Fictional Revolutions, Real-World Issues, and the Disconnect of Compassion

Look, America. We need to have a chat about what the hell is going on in this country. We need to have a national conversation about compassion, hypocrisy, and face the realities we’re trying so hard to ignore. Baseball might be the official national pastime, but I’m going to throw out the possibility that we have another, more prevalent one:

Ignoring our problems.

Americans don’t like being uncomfortable. We avoid it. We wash out the bad and sanitize the history books (We were horrible to the Native Americans? What? Surely not!). We sanitize the present perhaps even more so. Well, get ready to get uncomfortable folks, because I’ve got news: we’re not really The Land of the Free. More like the Land of the Free If you Fit a Certain Mold, Gender, Sexuality, Race, and Class Status Maybe. And before you stand up and demand that if I don’t like it here I can leave, listen a minute. I’m not saying I’m not thankful for lots of the freedoms we’re afforded here. I am. I know some other places don’t have them. But let’s be real here, these freedoms are not given to everyone equally and though it’s sad but true, we are not the beacon of freedom and equality we were raised to think we were when we stood to recite the pledge of allegiance every day in elementary school.  There are other places that rank higher on the freedom and progress scales than we do, and that’s irrefutable. We look down on other countries for human rights violations and yet the United Nations is looking to start a review of whose police practices?

Oh, that’d be ours.

I mean, come on. There were almost as many National Guard troops sent to Ferguson as there are soldiers stationed in Iraq. That says scary things about our right to assemble.

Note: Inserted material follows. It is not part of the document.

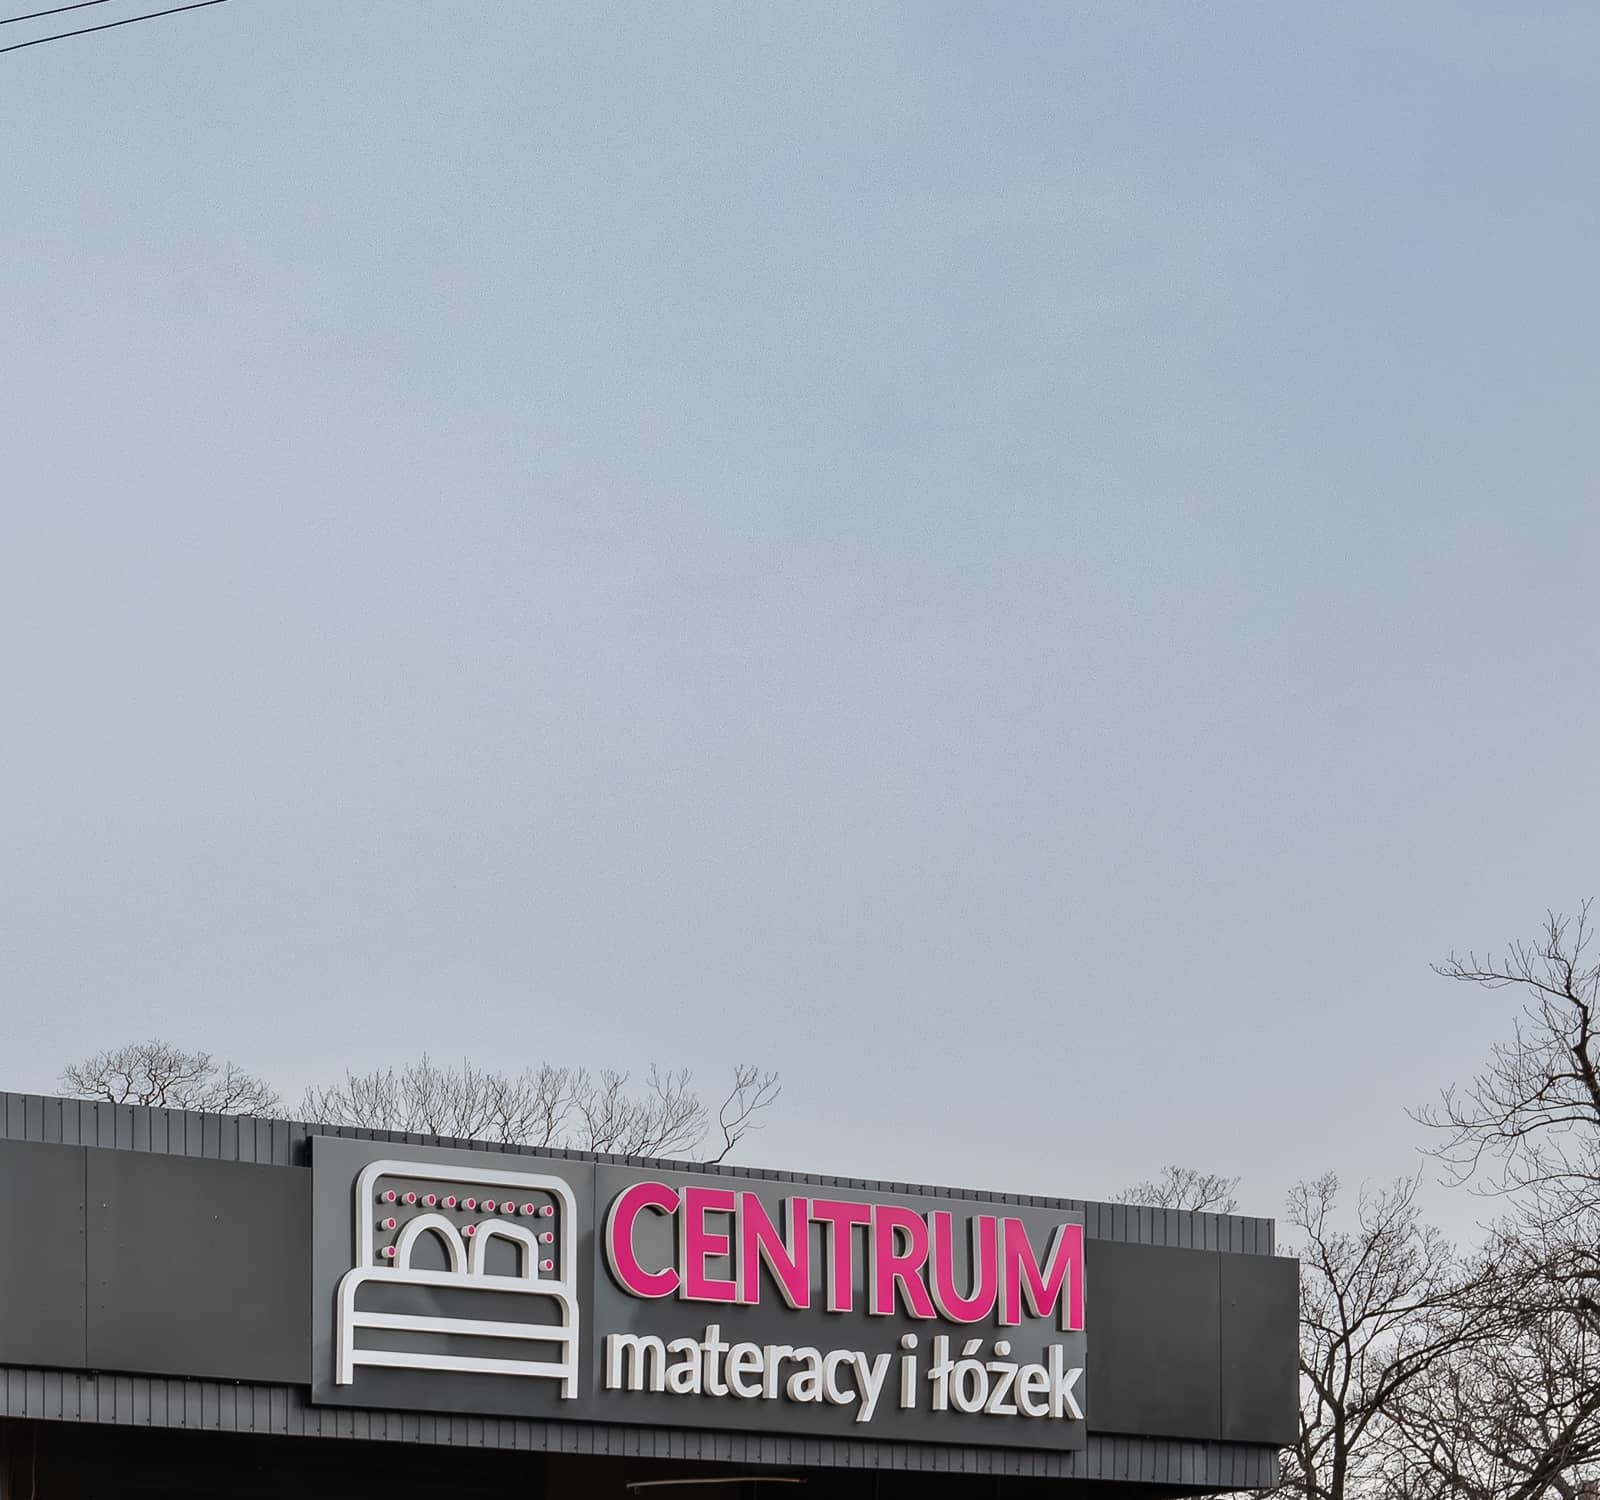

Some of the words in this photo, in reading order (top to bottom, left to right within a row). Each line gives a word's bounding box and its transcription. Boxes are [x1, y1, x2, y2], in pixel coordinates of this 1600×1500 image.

[605, 1181, 1086, 1331] CENTRUM
[606, 1324, 892, 1423] materacy
[900, 1333, 918, 1409] i
[928, 1334, 1085, 1420] łóżek

There’s a lot going on in the world right now. All over, there are revolutions, large and small, taking place. In Mexico, where people are furious over the missing (and presumed dead) 43 students. In Hong Kong, where protestors are fighting for democracy. In Ferguson, Missouri, New York City and throughout America, where people are staging walk-outs in solidarity with Mike Brown, Eric Garner and all the other black men and women who are killed by police on what an alarming basis. These are revolutions in the physical streets and in the virtual ones of social media and the wider internet. They are revolutions of the heart and the soul, the voices of the oppressed ringing out with the support of their allies. Yet a great number of people seek to drown them out, whether it’s because the current social order serves them best, or perhaps more widely so, because they are too afraid to face the fact that the only way the world is just is if we as humanity make it so. That’s in our hands and no one else’s. The universe is not magically just, and saying it is means we’re just too lazy to do anything about that fact that it’s not.

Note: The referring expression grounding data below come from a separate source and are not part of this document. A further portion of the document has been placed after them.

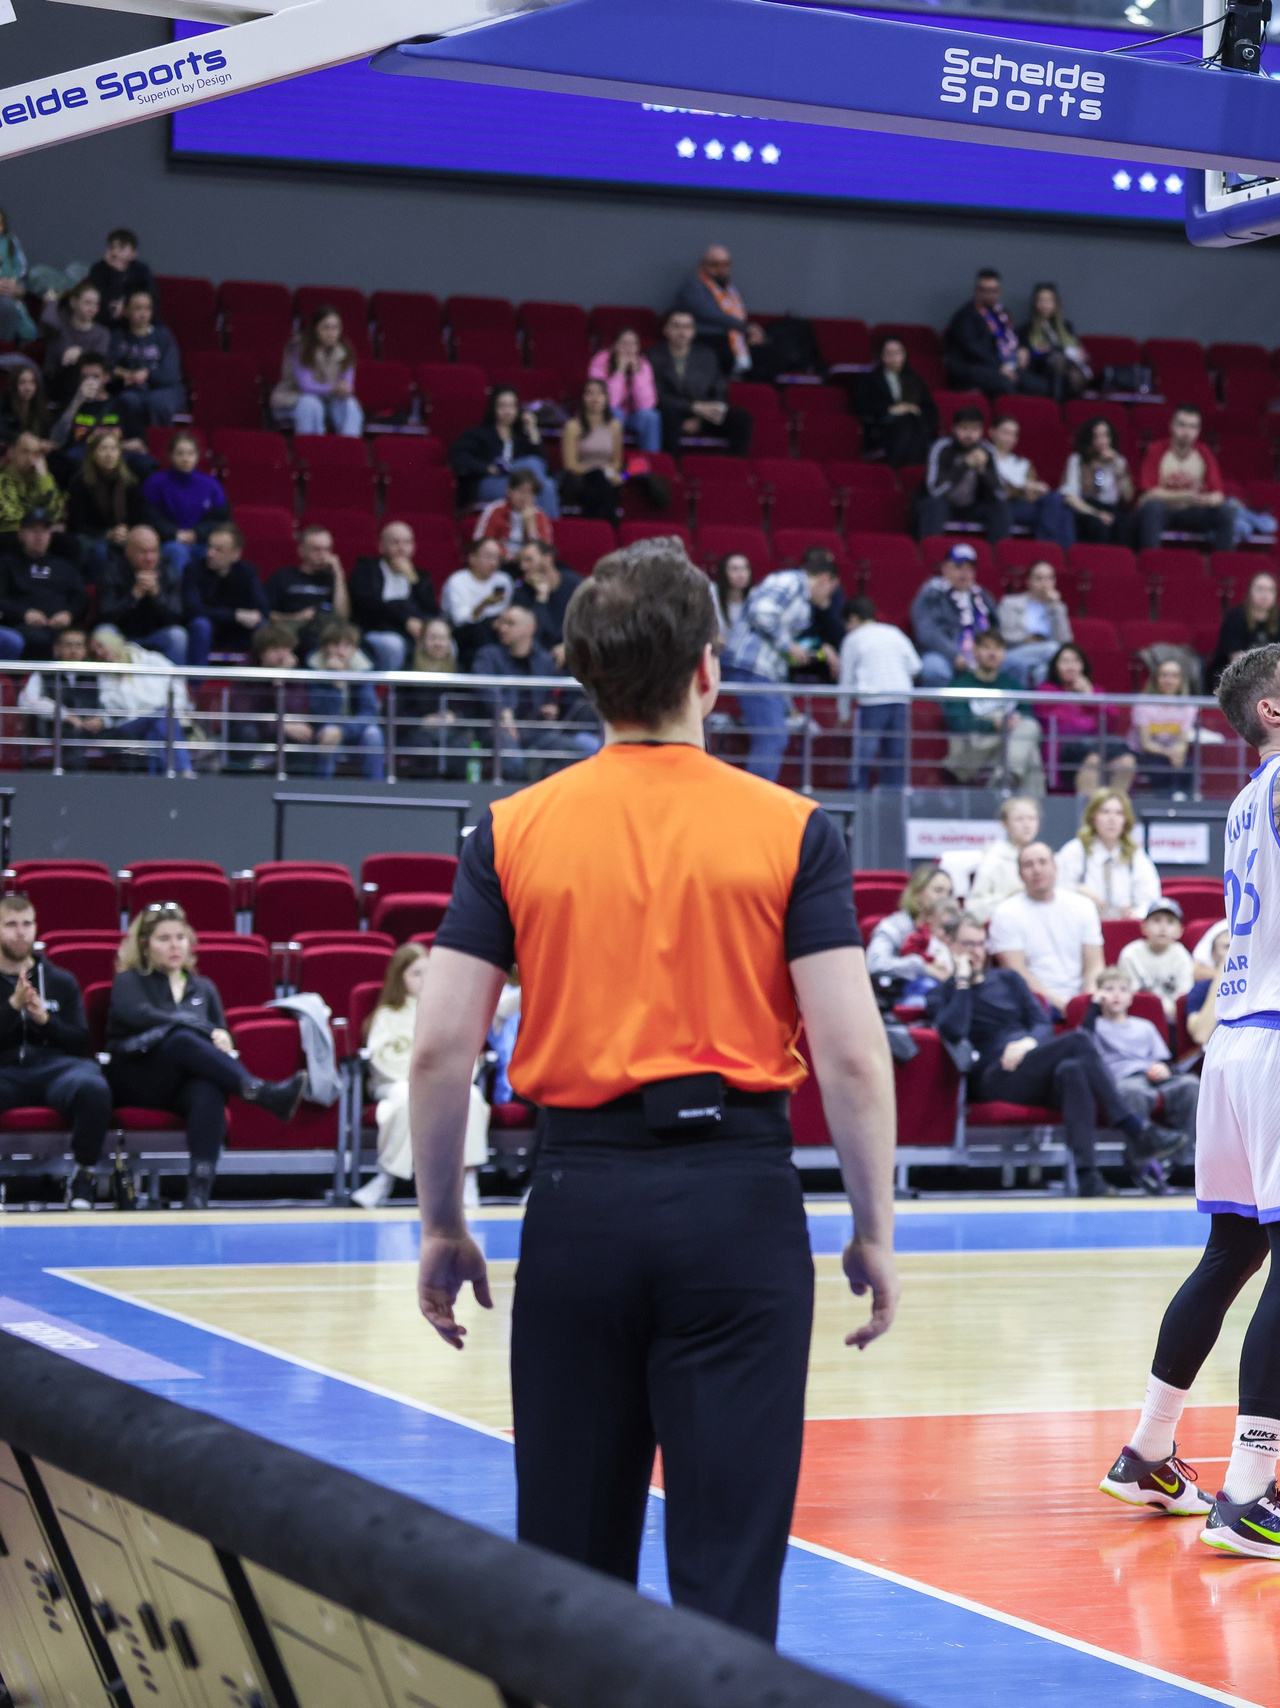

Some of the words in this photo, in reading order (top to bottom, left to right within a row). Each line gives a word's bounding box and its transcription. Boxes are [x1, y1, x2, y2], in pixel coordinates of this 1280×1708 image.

[0, 88, 88, 127] elde
[96, 49, 227, 101] Sports
[137, 85, 180, 105] Superior
[182, 81, 195, 94] by
[197, 72, 232, 90] Design
[942, 47, 1106, 94] Schelde
[939, 75, 1102, 121] Sports
[1223, 954, 1249, 973] AR
[1248, 1429, 1278, 1438] NIKE

In the midst of all this, the third Hunger Games movie, Mockingjay was released. I saw it last weekend, sitting there overwhelmed with a powerful emotion as Katniss filmed a propaganda clip while the remains of a District 8 hospital full of wounded blew up in the background. Her eyes filled with furious tears and she shouted these words that I can’t forget:

“This is what they do! This is what the Capitol does!”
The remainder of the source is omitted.